[email protected] wrote:
> On Fri, 8 Jun 2007, Greg KH wrote:
>> I still want to see a definition of the AA "model" that we can then use
>> to try to implement using whatever solution works best. As that seems
>> to be missing the current argument of if AA can or can not be
>> implemented using SELinux or something totally different should be
>> stopped.
> the way I would describe the difference betwen AA and SELinux is:
>
> SELinux is like a default allow IPS system, you have to describe
> EVERYTHING to the system so that it knows what to allow and what to stop.
>
> AA is like a default deny firewall, you describe what you want to
> happen, and it blocks everything else without you even having to
> realize that it's there.
That's not quite right:
* SELinux Strict Policy is a default-deny system: it specifies
everything that is permitted system wide, and all else is denied.

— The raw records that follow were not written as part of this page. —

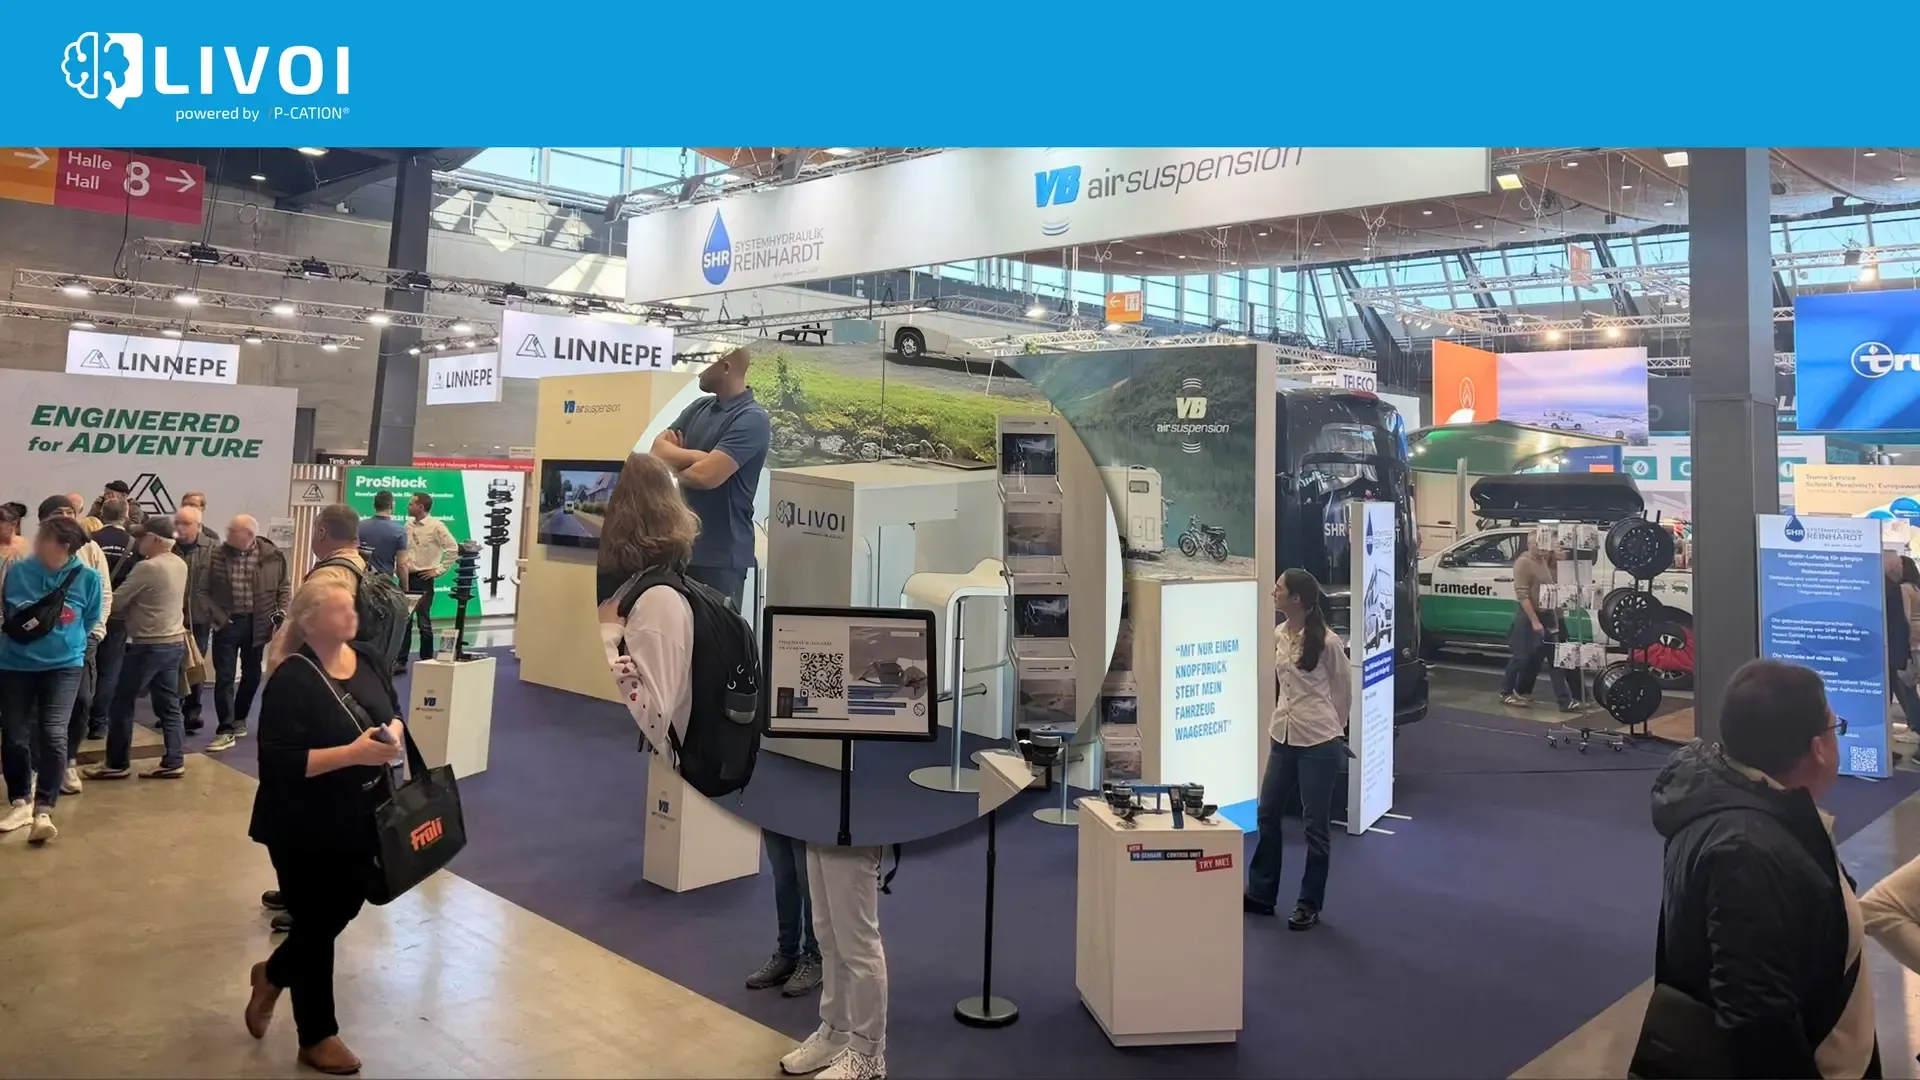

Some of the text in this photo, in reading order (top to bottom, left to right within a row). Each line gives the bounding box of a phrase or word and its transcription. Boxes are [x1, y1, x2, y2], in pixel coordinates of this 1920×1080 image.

[68, 151, 112, 170] Halle
[66, 172, 100, 190] Hall
[124, 161, 150, 197] 8
[1034, 165, 1082, 208] VB
[735, 227, 824, 253] SYSTEMHYDRAULIK
[703, 249, 730, 268] SHR
[733, 241, 824, 272] REINHARDT
[554, 336, 662, 368] LINNEPE
[118, 351, 227, 377] LINNEPE
[446, 368, 492, 389] LINNEPE
[564, 400, 576, 414] VB
[1176, 396, 1207, 419] VB
[31, 404, 240, 434] ENGINEERED
[1156, 421, 1230, 435] airsuspension
[28, 432, 263, 458] for ADVENTURE
[356, 475, 427, 489] ProShock
[797, 508, 845, 532] LIVOI
[1324, 523, 1346, 537] SHR
[1786, 528, 1804, 536] SHR
[1806, 532, 1863, 541] REINHARDT
[1197, 642, 1214, 656] NUR
[1215, 639, 1239, 654] EINEM
[1175, 660, 1227, 679] KNOPFDRUCK
[1175, 681, 1222, 700] STEHT MEIN
[424, 697, 436, 706] VB
[1175, 702, 1215, 720] FAHRZEUG
[1199, 857, 1230, 870] TRY ME!

* AA and the SELinux Targeted Policy are hybrid systems:
o default-deny within a policy or profile: confined processes
are only permitted to do what the policy says, and all else
is denied.
o default-allow system wide: unconfined processes are allowed
to do anything that classic DAC permissions allow.
Crispin
--
Crispin Cowan, Ph.D. http://crispincowan.com/~crispin/
Director of Software Engineering http://novell.com
AppArmor Chat: irc.oftc.net/#apparmor
-
To unsubscribe from this list: send the line "unsubscribe linux-kernel" in
the body of a message to [email protected]
More majordomo info at http://vger.kernel.org/majordomo-info.html
Please read the FAQ at http://www.tux.org/lkml/
[Index of Archives]
[Kernel Newbies]
[Netfilter]
[Bugtraq]
[Photo]
[Stuff]
[Gimp]
[Yosemite News]
[MIPS Linux]
[ARM Linux]
[Linux Security]
[Linux RAID]
[Video 4 Linux]
[Linux for the blind]
[Linux Resources]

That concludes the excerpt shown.